Financial markets dropped on concerns that newly re-elected US President Barack Obama will struggle to thrash out a budget deal with a divided Congress, and as the EU cut its economic growth forecasts.
The ease with which Mr Obama secured four more years in the White House - avoiding the uncertainty of ballot recounts, as in 2000 - had been welcomed in the markets early in the day. However, as the day wore on, investors grew concerned over the implications of a still divided Congress.
Though the Democrats maintained the presidency and their majority in the Senate, the Republicans remain in command in the House of Representatives. That could lead to a logjam in policymaking, not least over the parlous state of the country's public finances.
The most pressing matter facing the US government is the so-called "fiscal cliff" - a combination of higher taxes and government spending cuts that automatically take effect unless Congress agrees on a new budget by January 1. Economists warn that a failure to reach a concrete decision will push the world's largest economy back into recession.
"The initially favourable reaction has evaporated with the ugly task of dealing with the fiscal cliff eclipsing earlier optimism," said Andrew Wilkinson, chief economic strategist at Miller Tabak & Co.
US stocks opened sharply lower, with the Dow Jones industrial average down 1.3% at 13,069 and the broader S&P 500 index off 1.4% at 1,408. In Europe, the FTSE 100 index of leading British shares was down 0.8% at 5,841 while Germany's DAX fell 1.5% to 7,269. The CAC-40 in France was 1.5% lower at 3,428.
Sentiment has also been hit by a downbeat set of European economic forecasts from the European Commission.
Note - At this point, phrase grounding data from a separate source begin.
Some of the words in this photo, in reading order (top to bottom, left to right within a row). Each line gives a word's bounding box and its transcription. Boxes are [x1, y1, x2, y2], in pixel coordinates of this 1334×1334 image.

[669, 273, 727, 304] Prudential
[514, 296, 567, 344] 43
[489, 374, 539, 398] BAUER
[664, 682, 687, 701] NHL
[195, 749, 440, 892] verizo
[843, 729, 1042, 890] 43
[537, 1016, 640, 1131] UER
The executive arm of the European Union now expects the 17-country eurozone to contract by 0.4% this year and to grow by only 0.1% next year.
Figures showing that Germany, Europe's largest economy, saw industrial production in September fell by 1.8%, worse than market expectations for minus 0.6%, also hurt sentiment.
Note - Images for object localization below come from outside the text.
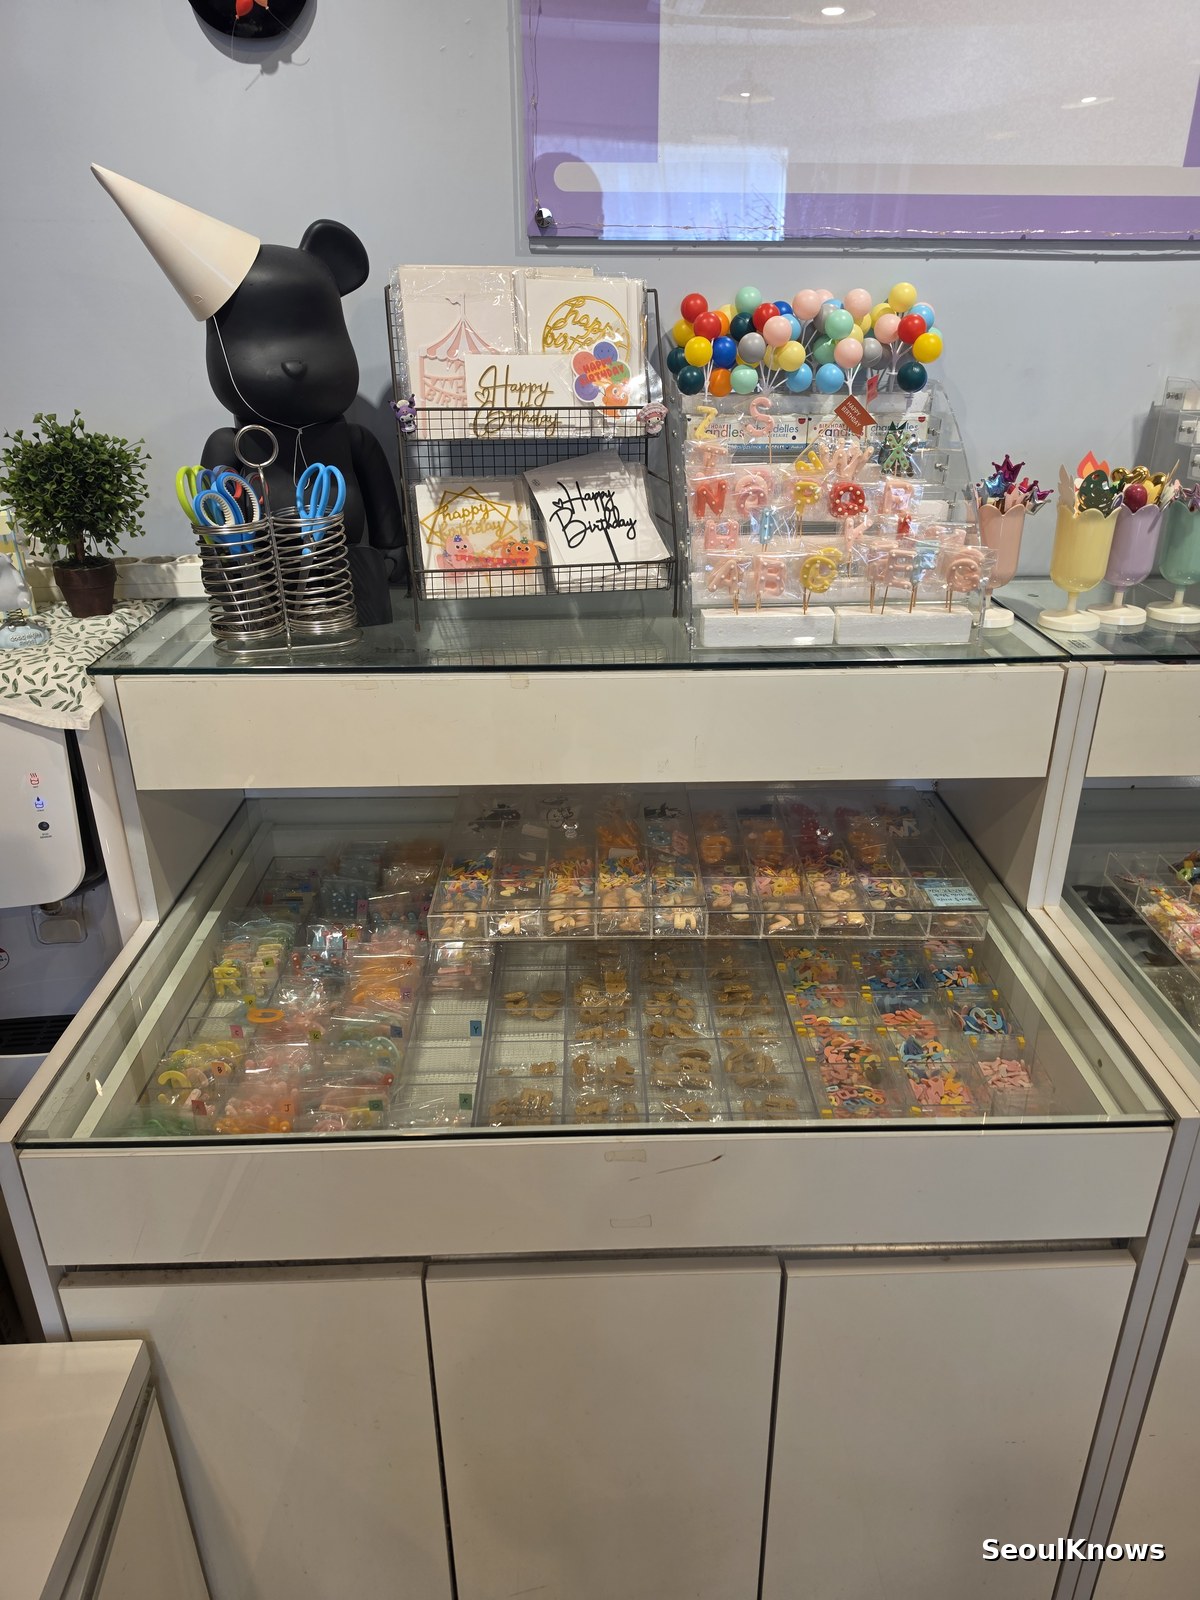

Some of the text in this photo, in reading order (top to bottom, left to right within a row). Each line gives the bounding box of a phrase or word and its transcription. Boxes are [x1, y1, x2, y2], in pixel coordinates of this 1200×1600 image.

[580, 364, 625, 388] BIRTHDAY
[583, 357, 613, 374] HAPPY
[478, 364, 554, 408] Happy
[745, 397, 775, 437] S
[841, 406, 861, 427] BIRTHDAY
[847, 401, 861, 416] HAPPY
[884, 433, 911, 470] X
[440, 504, 496, 522] happy
[556, 481, 615, 515] Happy
[693, 478, 727, 517] N
[549, 506, 637, 549] Birthday
Investors are also turning their attention toward a crucial vote in the Greek Parliament later in the day. If lawmakers do not back a 13.5 billion euro (£10.8 billion) package of spending cuts and tax increases, the country faces the prospect of losing access to its bailout lifeline and potentially defaulting on its mountain of debt and leaving the euro. That toxic combination could have massive negative repercussions in financial markets, regardless of whether a bipartisan budget solution is reached in the US in the coming weeks.
"Strange to think that over 100 million votes cast in the US may have less impact upon the markets over the next month or so than some 300 votes due to be cast in the Greek parliament this evening," said Gary Jenkins, managing director of Swordfish Research.